Bad news, Philip—or Clark, I guess. The follow-up to last week’s Alexandria massacre of the other spy family opens with Martha in hair rollers obsessing over the bloody scene. But the real shock for Philip is that Martha may have job ambitions outside the FBI’s counterintelligence division. Could it be that instead of marrying a well-placed secretary for Mother Russia, Philip has pointlessly shacked up with a typical career bureaucrat trying to climb the GS scale?
Actually, that’s not the biggest shock Philip gets this week. That honor goes to, well, an actual electric shock he gets while snooping around the Chesapeake, Virginia, home of Fred, the premiere’s brush-passer, played by John Carroll Lynch. Philip makes his side trip to the Hampton Roads in full disguise—this time playing a hirsute handyman. (Is it just me, or does Philip’s getup look a lot like the 2012 incarnation of True Detective’s Rust Cohle?)

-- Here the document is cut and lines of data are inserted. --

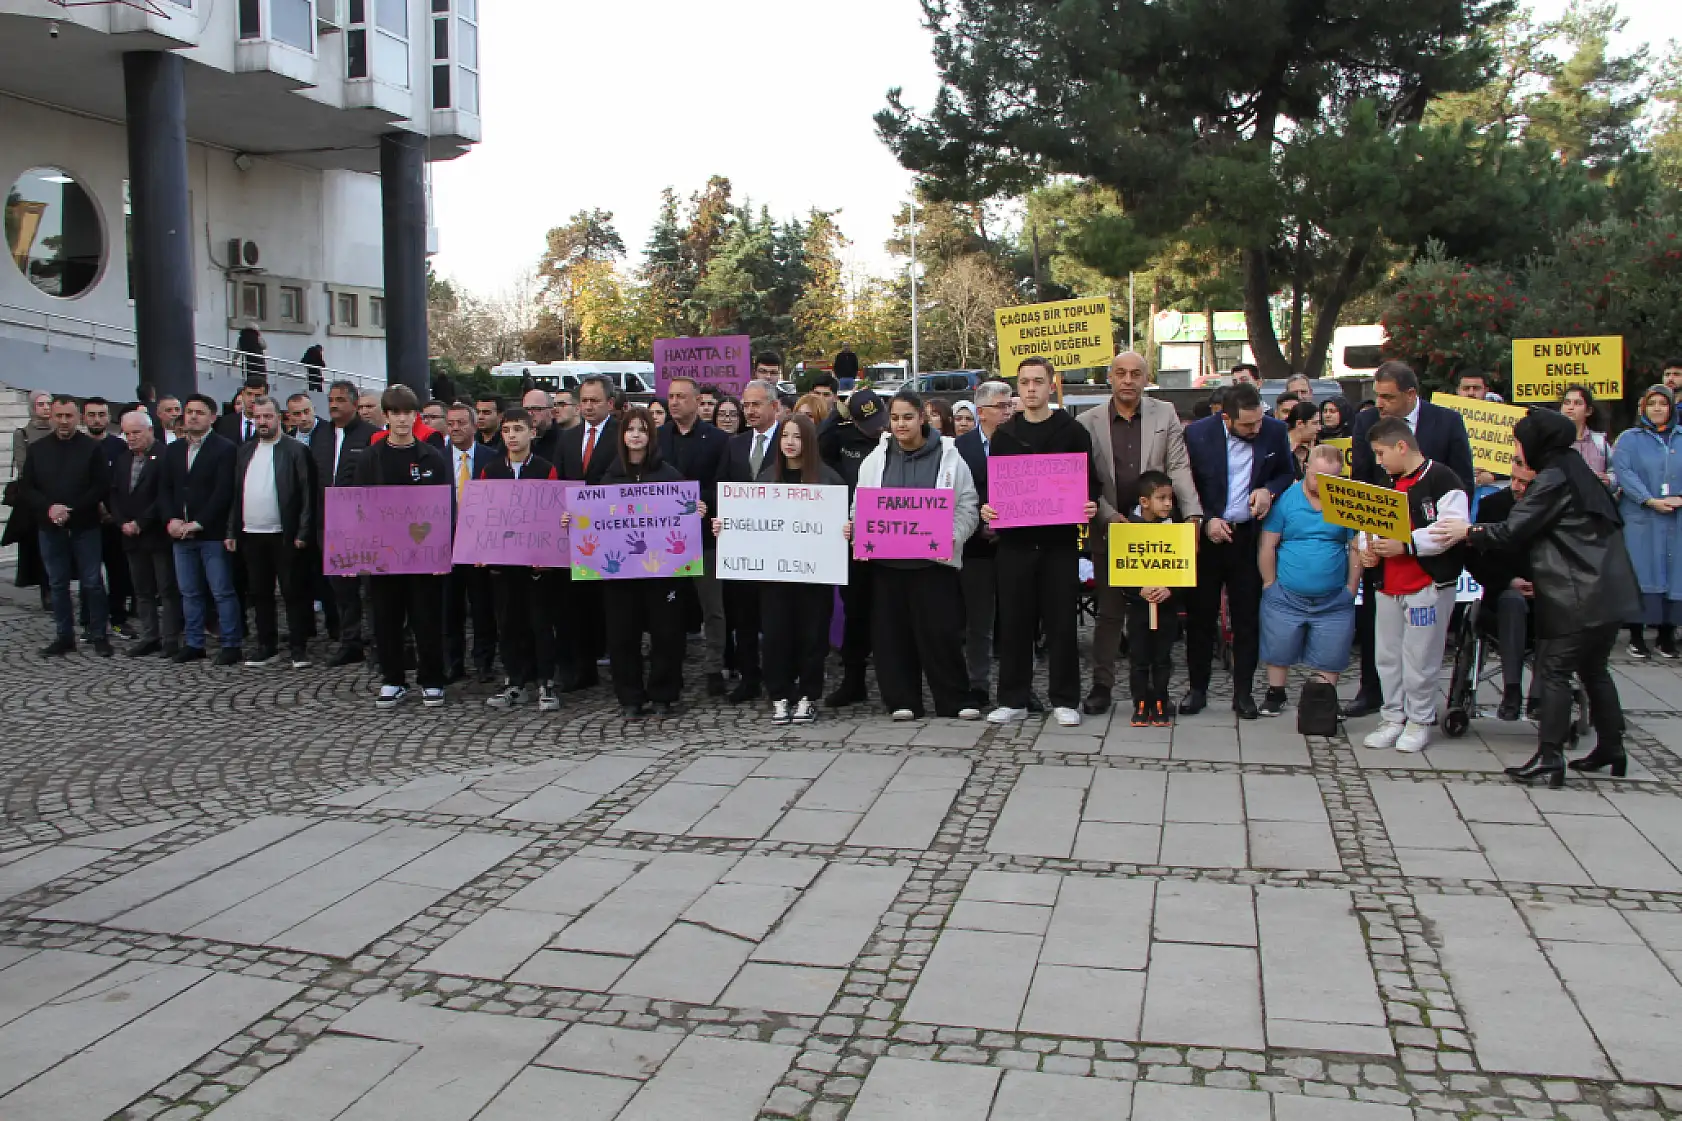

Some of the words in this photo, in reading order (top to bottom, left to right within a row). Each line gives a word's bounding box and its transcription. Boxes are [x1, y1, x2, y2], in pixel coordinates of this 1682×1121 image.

[1043, 307, 1061, 320] BİR
[1063, 303, 1106, 318] TOPLUM
[1020, 321, 1088, 339] ENGELLİLERE
[664, 347, 721, 361] HAYATTA
[725, 345, 741, 359] EN
[1533, 344, 1551, 357] EN
[1555, 340, 1601, 356] BÜYÜK
[703, 364, 739, 378] ENGEL
[1546, 362, 1589, 376] ENGEL
[465, 483, 494, 507] EN
[577, 489, 606, 501] AYNI
[772, 488, 780, 499] 3
[1326, 483, 1400, 508] ENGELSİZ
[877, 496, 949, 510] FARKLIYIZ
[484, 507, 548, 527] ENGEL
[723, 556, 764, 571] KUTLU
[777, 559, 817, 574] OLSUN
[1116, 556, 1139, 569] BİZ
[1140, 558, 1189, 570] VARIZ!
[1409, 607, 1436, 626] NBA
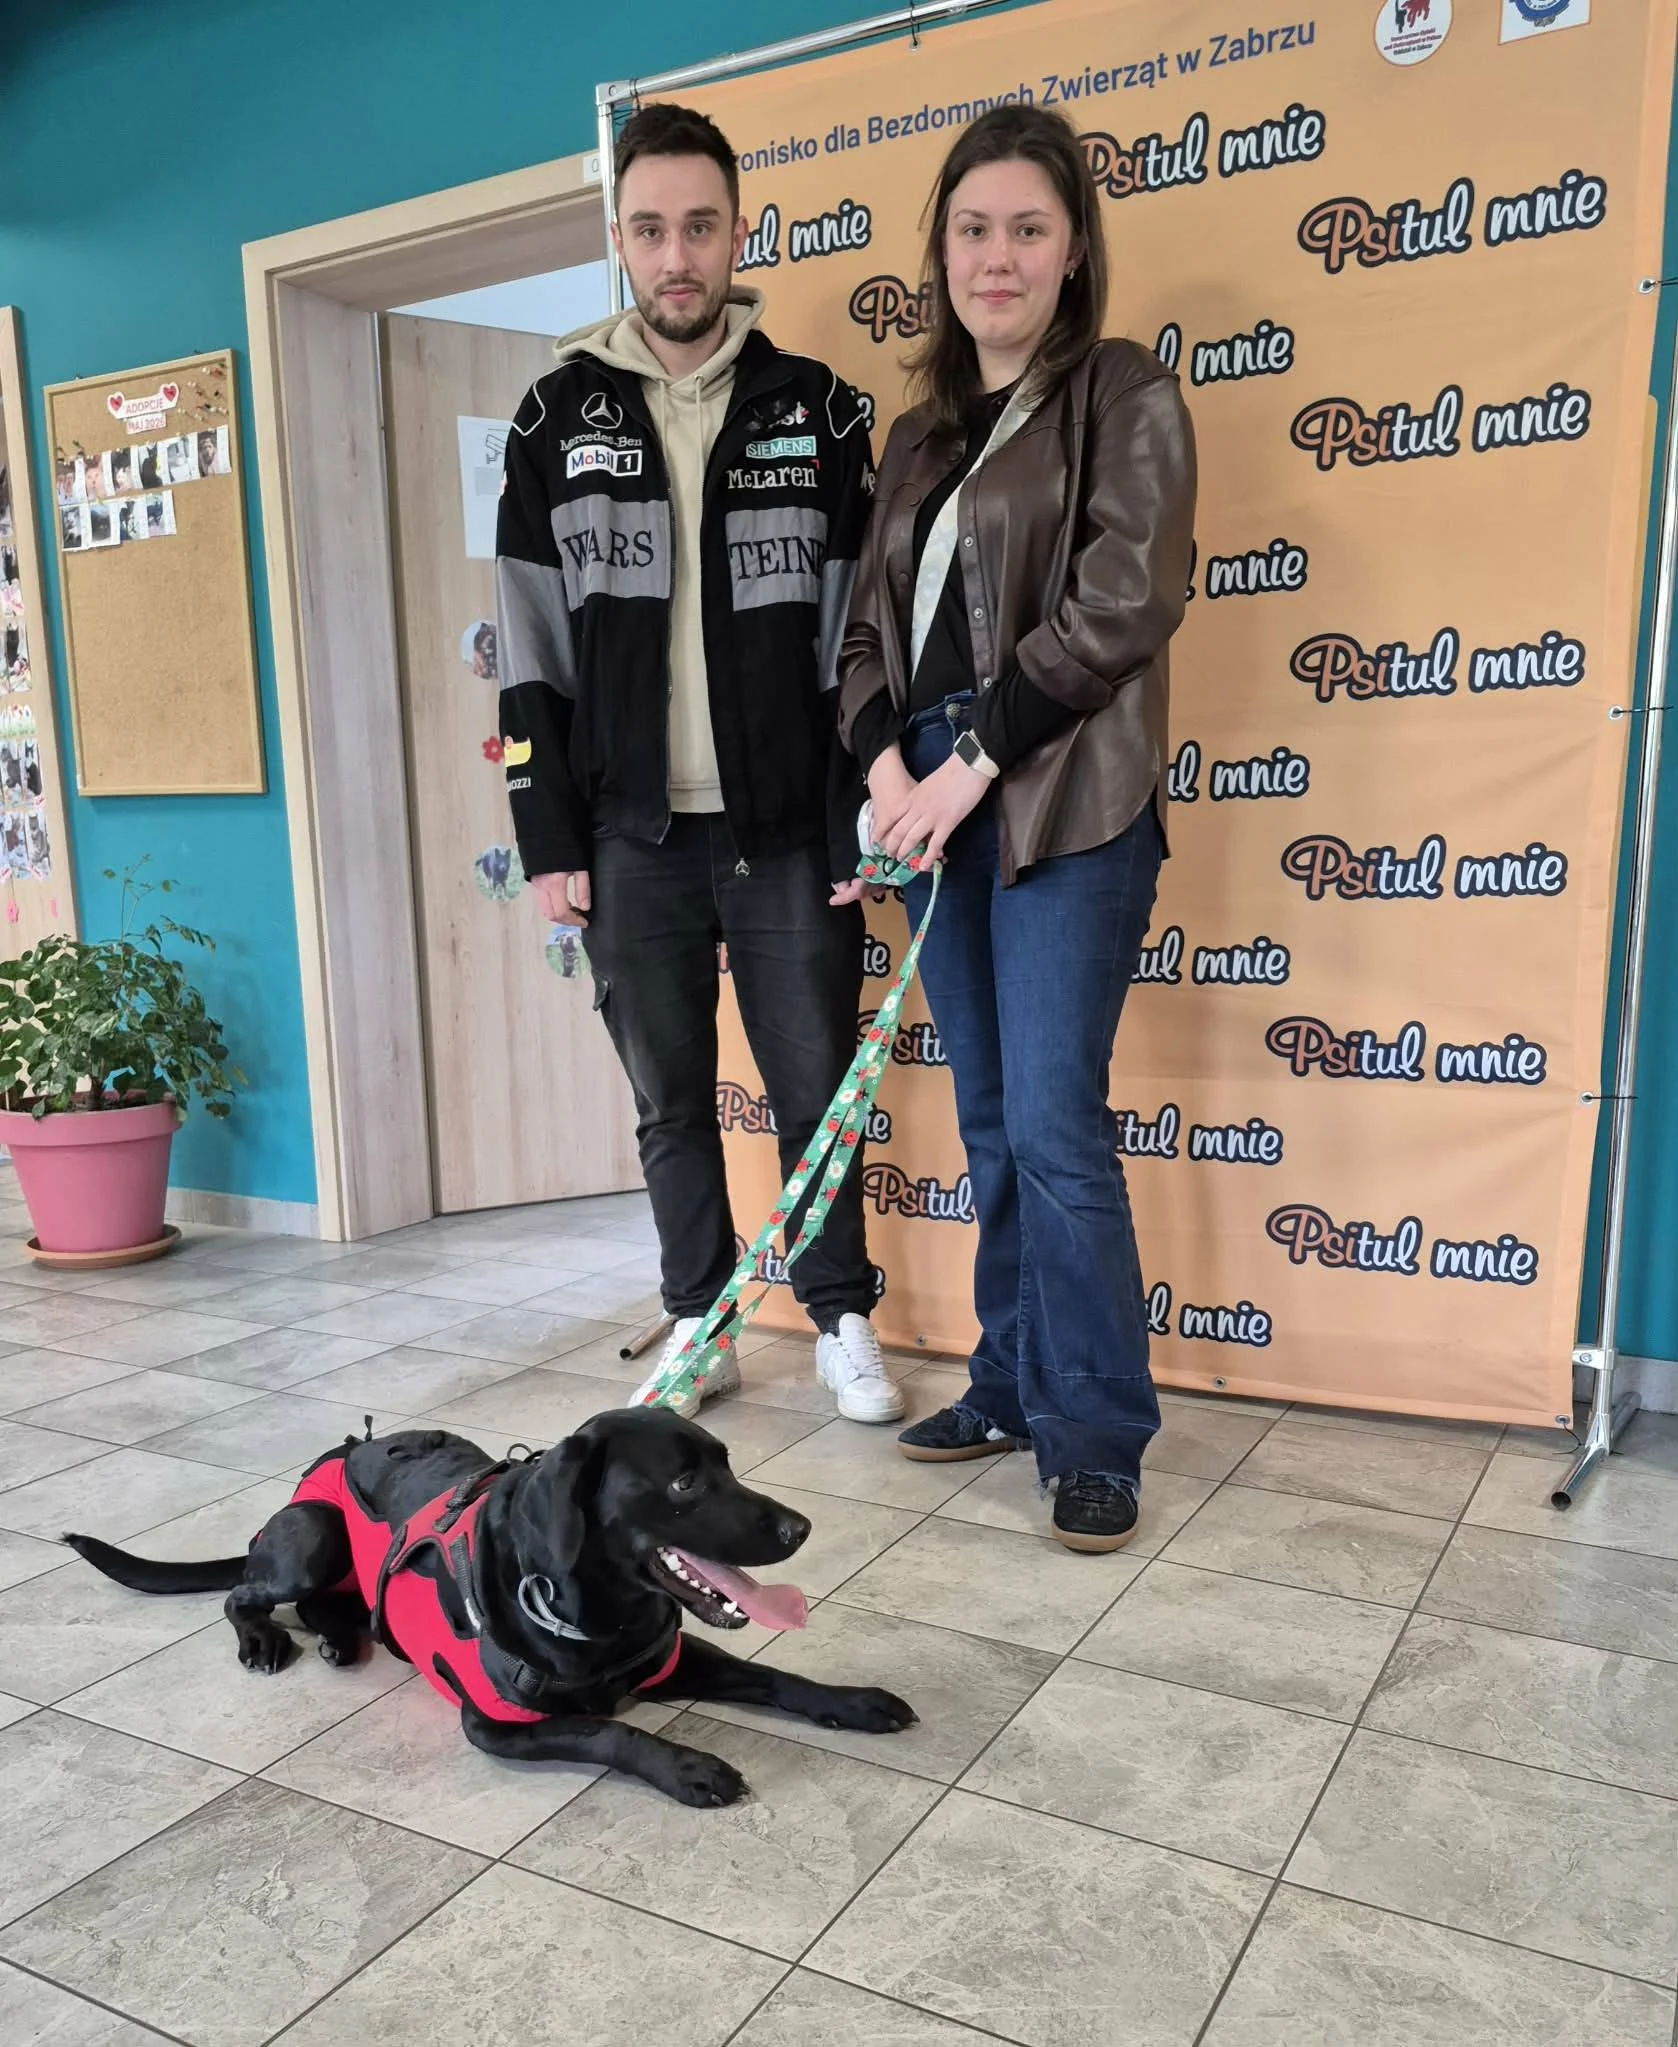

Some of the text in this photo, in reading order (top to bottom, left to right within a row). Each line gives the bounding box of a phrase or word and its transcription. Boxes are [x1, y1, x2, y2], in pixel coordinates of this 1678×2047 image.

[736, 136, 818, 174] onisko
[824, 124, 861, 154] dla
[1041, 52, 1168, 106] Zwierząt
[1176, 47, 1202, 75] w
[1208, 20, 1316, 68] Zabrzu
[1079, 107, 1322, 196] Psitul mnie
[790, 203, 869, 258] mnie
[1300, 173, 1602, 270] Psitul mnie
[1194, 324, 1292, 383] mnie
[747, 439, 812, 457] SIEMENS
[1294, 386, 1587, 467] Psitul mnie
[572, 450, 632, 471] Mobil 1
[727, 466, 818, 489] McLaren
[562, 526, 653, 571] WARS
[1207, 542, 1305, 596] mnie
[1293, 631, 1582, 699] Psitul mnie
[1212, 749, 1306, 798] mnie
[1284, 837, 1564, 897] Psitul mnie
[1195, 939, 1287, 983] mnie
[1269, 1018, 1544, 1081] Psitul mnie
[1191, 1121, 1281, 1162] mnie
[863, 1166, 972, 1220] Psitul
[1269, 1207, 1534, 1281] Psitul mnie
[1182, 1303, 1269, 1344] mnie
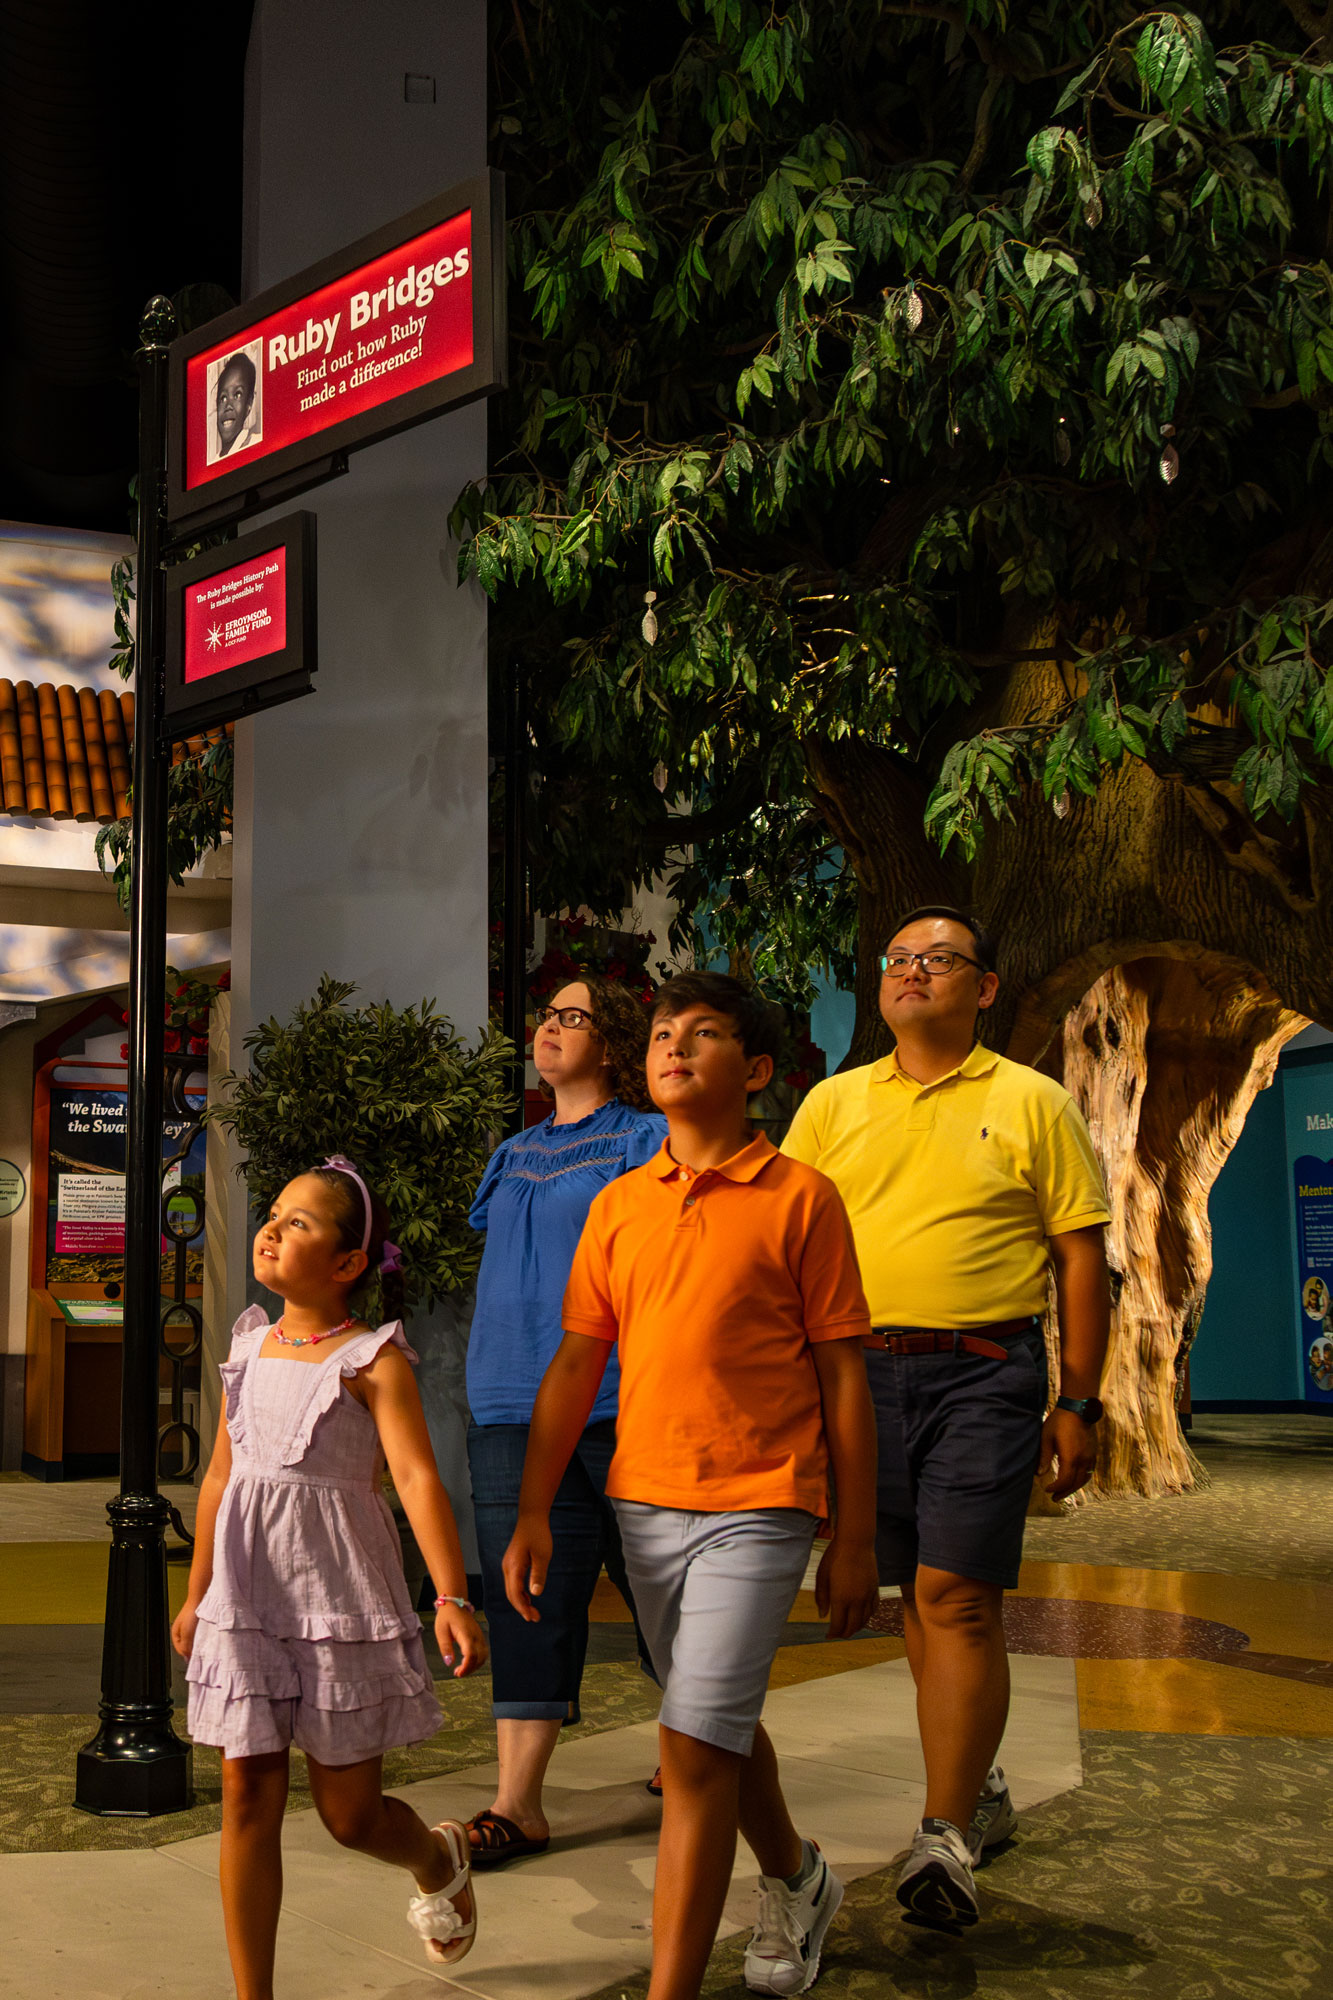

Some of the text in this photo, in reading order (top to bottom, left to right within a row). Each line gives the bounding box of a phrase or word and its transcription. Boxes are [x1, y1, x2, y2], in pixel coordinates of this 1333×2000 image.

[269, 247, 470, 372] Ruby Bridges
[297, 315, 427, 389] Find out how Ruby
[300, 338, 422, 412] made a difference!
[196, 562, 279, 604] The Ruby Bridges History Path
[210, 583, 264, 610] is made possible by:
[225, 608, 268, 632] EFROYMSON
[225, 616, 272, 640] FAMILY FUND
[91, 1103, 124, 1116] lived
[68, 1120, 90, 1133] the

We’ll get back to Fred and Rust-ish Philip in a bit. In the meantime, the murder of alt-spy family Emmett and Leanne and daughter Amelia last week drives many people to new extremes. Elizabeth can’t walk ten feet without looking over her shoulder—maybe it comes with the profession, but she seems jumpier than usual. Philip comes back from his business trip to see Elizabeth, not Martha, and apologizes for exposing Henry during the handoff with Fred, who can’t shake the image he saw in the newspaper of the dead bodies.
And then there’s Martha. She’s getting a gun! And if the slightly off-kilter sham wife of the male lead says she’s buying a gun in the second episode, well, you know the deal.
But back to Fred’s house. Philip, sussing out the place in an attempt to figure out just what happened to Emmett and Leanne, finds a lockbox under the floorboard. Unfortunately for him, Fred hot-wired the box to deliver a knockout shock. He wakes up to Fred freaking out and pointing a handgun in his face. Philip has to save himself by explaining that he’s actually in disguise, and so was Emmett every time Fred saw the dearly departed KGB agent. Turns out Fred was passing Emmett vital information about some newfangled propeller. Once Philip calms down the panicky mole, Fred has one more bit of vital information: The propeller factory is on the move.
That’s a head-scratcher of a twist. Really, though, Fred’s biggest contribution is as a trove of early 1980s arcana. He’s got a stack of cassettes next to his bedroom dresser, a copy of the September 1981 issue of Playboy featuring Bo Derek in the bottom drawer, and a model of one of the Imperial Walkers from The Empire Strikes Back.
And while we’re talking vintage ’80s stuff, Elizabeth gets to indulge, too, when she ditches her kids at Raiders of the Lost Ark to help out a young Sandinista in distress. Called to a rough DC block—played, apparently, by a run-down stretch of downtown Brooklyn—Elizabeth finds a pretty young Nicaraguan operative freaking out about her passed-out date, a staffer on a congressional intelligence committee. It was some date, too.
“We smoked a cocaine,” the Sandinista says. Insert crack epidemic remark here.
Elizabeth sobers up the Sandinista and sends her home with a smirk and a “Your revolution is beautiful.” Aw, Elizabeth got herself a spy friend.
This week’s master spy, though, is definitely Nina, especially with things buzzing at the Rezidentura. The Soviets get a “walk-in” who’s looking to dish. Nina relays the visit to Stan, who later IDs the guy as a disaffected World Bank employee named Bruce. Nina still reports Stan’s find back to Arkady, revealing the latest turn in Nina and Stan’s emotionally conflicted affair.
Nina types out the latest tryst in cold, clinical terms, writing that she “serviced the subject orally before allowing him to penetrate me,” but she does so with a touch of sadness. Perhaps she, too, is allowing her Soviet loyalties to erode in the face of love. But this being Nina, she could be sick of her position—or maybe Stan just made her watch another dreaded Meryl Streep movie.
There is one other possible explanation for Nina’s disaffection: new KGB arrival Oleg. It’s still not totally clear what his espionage role is, but so far, he’s done a bang-up job establishing himself as the Rezidentura’s resident jackass.
But then we still come back to the deaths of Emmett and Leanne, or whatever their real names were. Philip and Elizabeth end the episode as shaken up as ever, unsure of who offed their colleagues. They’ve never seemed as ready to give it all up.
Unless, of course, Paige fingers them first.